Le concept de marketing sociétal, aussi appelé marketing social, a émergé aux États-Unis en 1972. Philip Kotler proposait alors, dans le Harvard Business Review Journal, un marketing plus socialement responsable, moral et éthique, en lutte contre le consumérisme. La vision de Jacques Bouchard s’exprimait davantage vers la proposition de changements de comportements des citoyens, notamment au niveau de la violence envers les enfants, qu’il trouvait socialement inacceptable.
Plusieurs campagnes qu’on pourrait qualifier de sociétales ont été diffusées bien avant 1972. Elles étaient surtout associées aux grandes causes humanitaires. Un des moments importants est sans contredit la naissance de la Croix-Rouge internationale, fondée par le Suisse Henri Dunant en 1876. Après avoir assisté, en 1959, à la bataille de Solférino entre les troupes piémontaises et françaises sous la conduite de Napoléon III et l’armée autrichienne, il constate qu’environ 38 000 morts et blessés sont abandonnés sur le champ de bataille sans que personne ne leur prête assistance. Dans Un souvenir de Solférino, livre qu’il publie en 1860, il y décrit la bataille, mais aussi les souffrances inhumaines des soldats. Il croit qu’elles pourraient être réduites à l’avenir et propose que dans tous les pays, des organisations humanitaires fondées sur la neutralité et le volontariat, devraient être autorisées à soigner les blessés: un militaire hors de combat à cause de ses blessures cesse d’être un ennemi et doit être considéré comme un être humain qui a besoin d’aide. De plus, les médecins et les infirmiers pourront donner leurs soins sans crainte d’être capturés.
Cette nouvelle façon de voir la guerre a sans doute été à l’origine de nombreux changements de comportements. D’abord diffusés par des organisations non gouvernementales et sans but lucratif, on voit apparaître dans les années 1970, des messages réalisés par des gouvernements qui visent des changements de comportements de leurs citoyens pour le mieux-être de toute la société.
Au Québec, par exemple, on a assisté en 1978 à la naissance de la Société de l’assurance automobile du Québec (SAAQ) qui a fait du port de la ceinture de sécurité son premier cheval de bataille, avec le slogan On s’attache au Québec! Au début des années 70, environ 5% des gens attachaient leur ceinture en voiture, entraînant de nombreuses blessures, quand ce n’était pas la mort, chez plusieurs usagers.

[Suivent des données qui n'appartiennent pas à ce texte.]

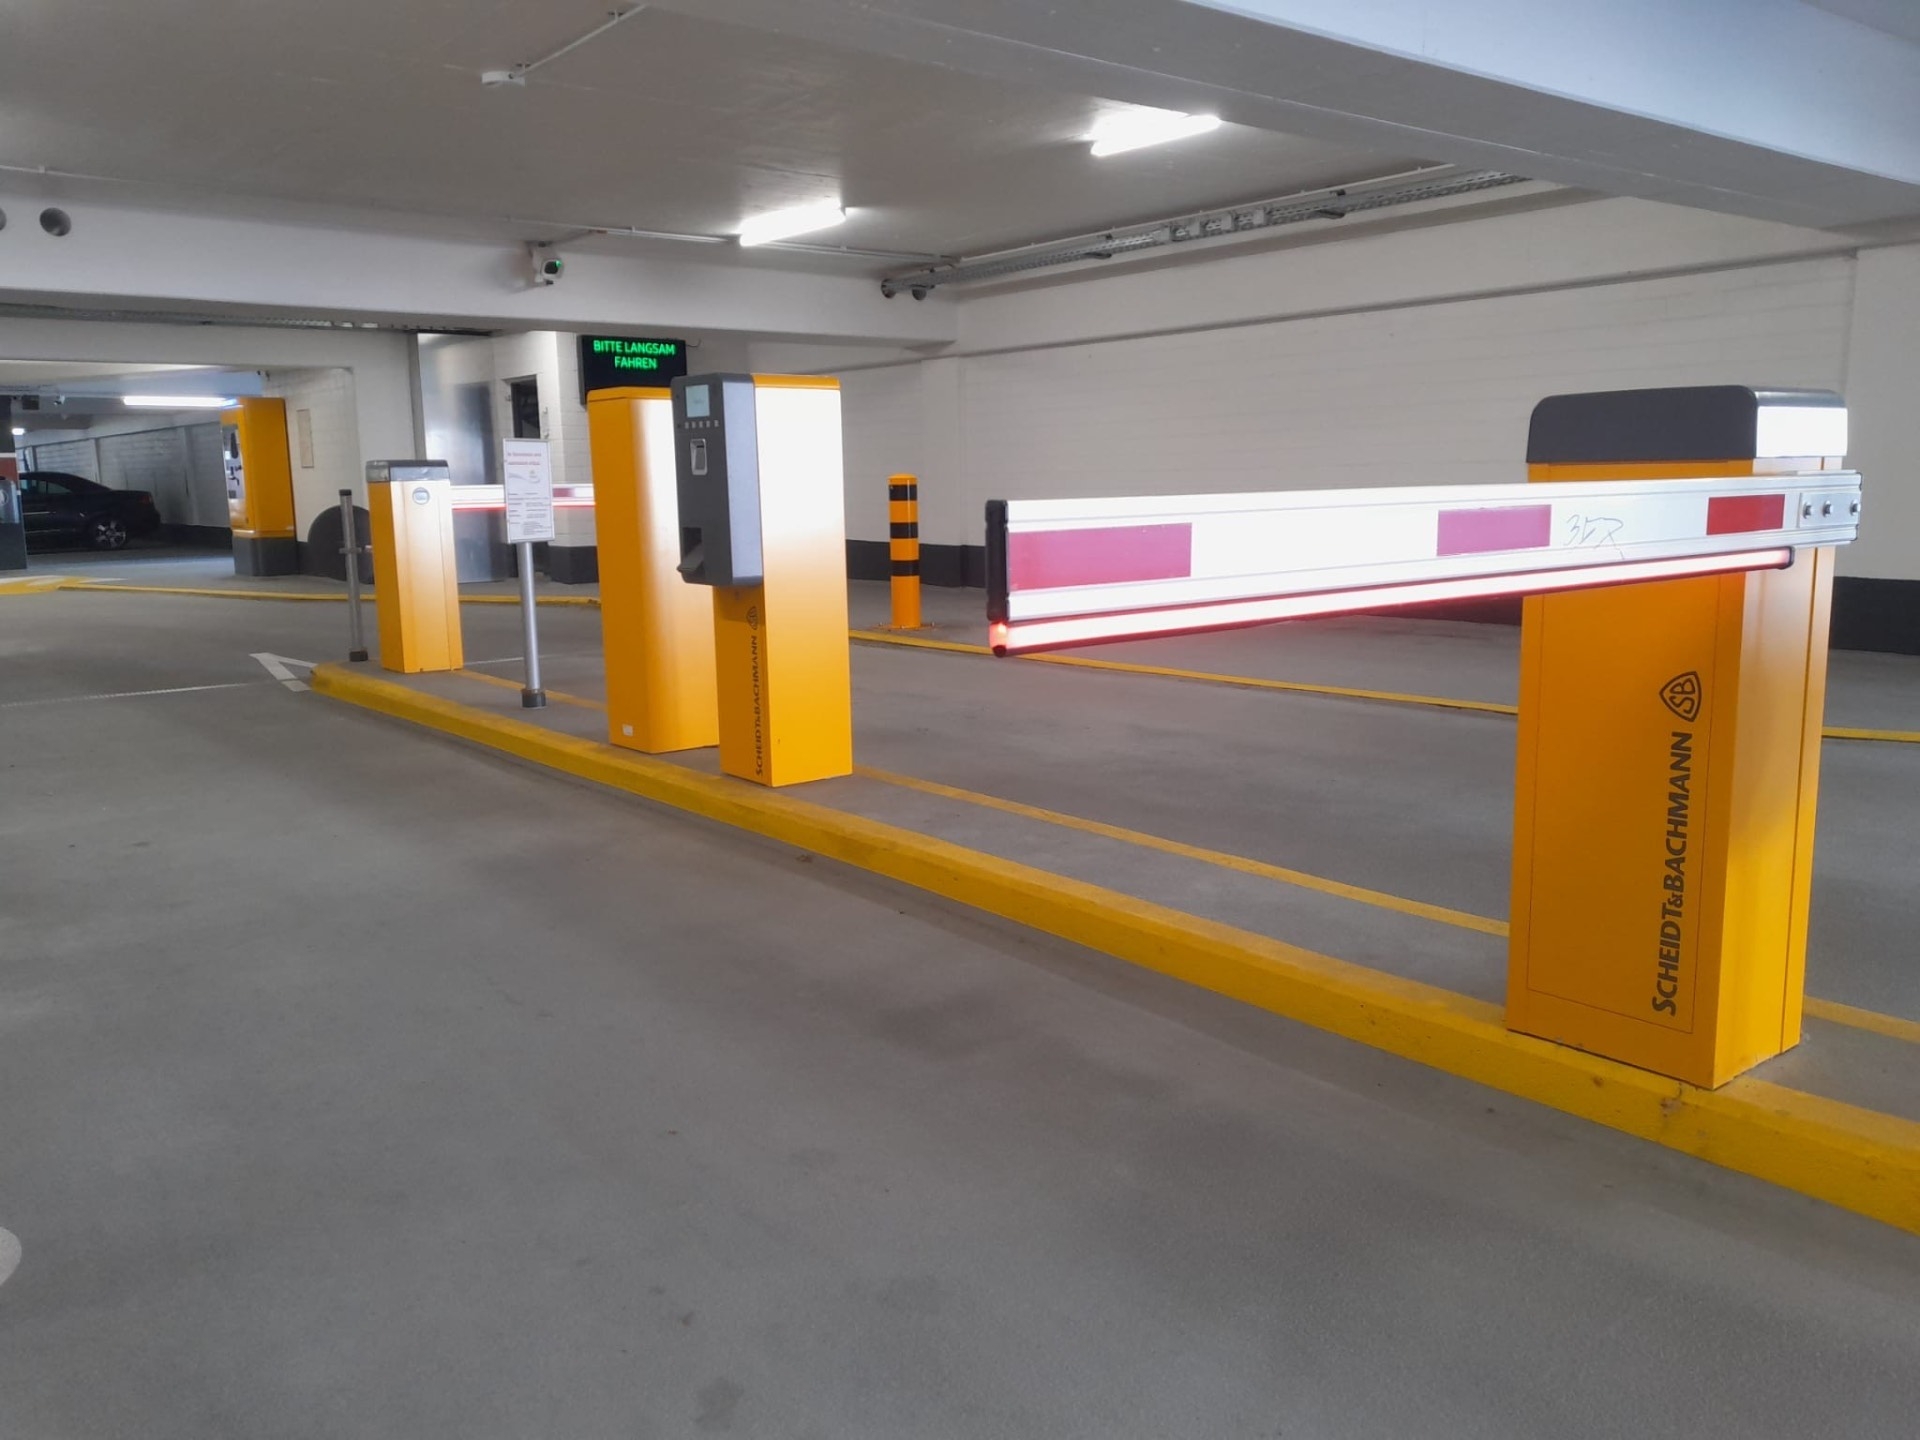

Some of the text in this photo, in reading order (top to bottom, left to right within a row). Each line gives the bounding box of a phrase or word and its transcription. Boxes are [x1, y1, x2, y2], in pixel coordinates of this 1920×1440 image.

[593, 340, 675, 355] BITTE LANGSAM
[614, 356, 657, 369] FAHREN

La première chose que l’acheteur d’une voiture neuve faisait, c’était de glisser les ceintures sous les banquettes parce que ce n’était qu’un ramasse-poussière qui pouvait salir les vêtements. En 1998, 93% des gens s’attachaient. C’est obligatoire, direz-vous, mais aucun gouvernement n’aurait osé l’imposer sans au préalable avoir obtenu un consensus social, c’est-à-dire que plus de 50% de la population sont en accord avec cette règle. D’où l’importance de la publicité sociétale, outil de sensibilisation et de prévention.
Causes? Toujours!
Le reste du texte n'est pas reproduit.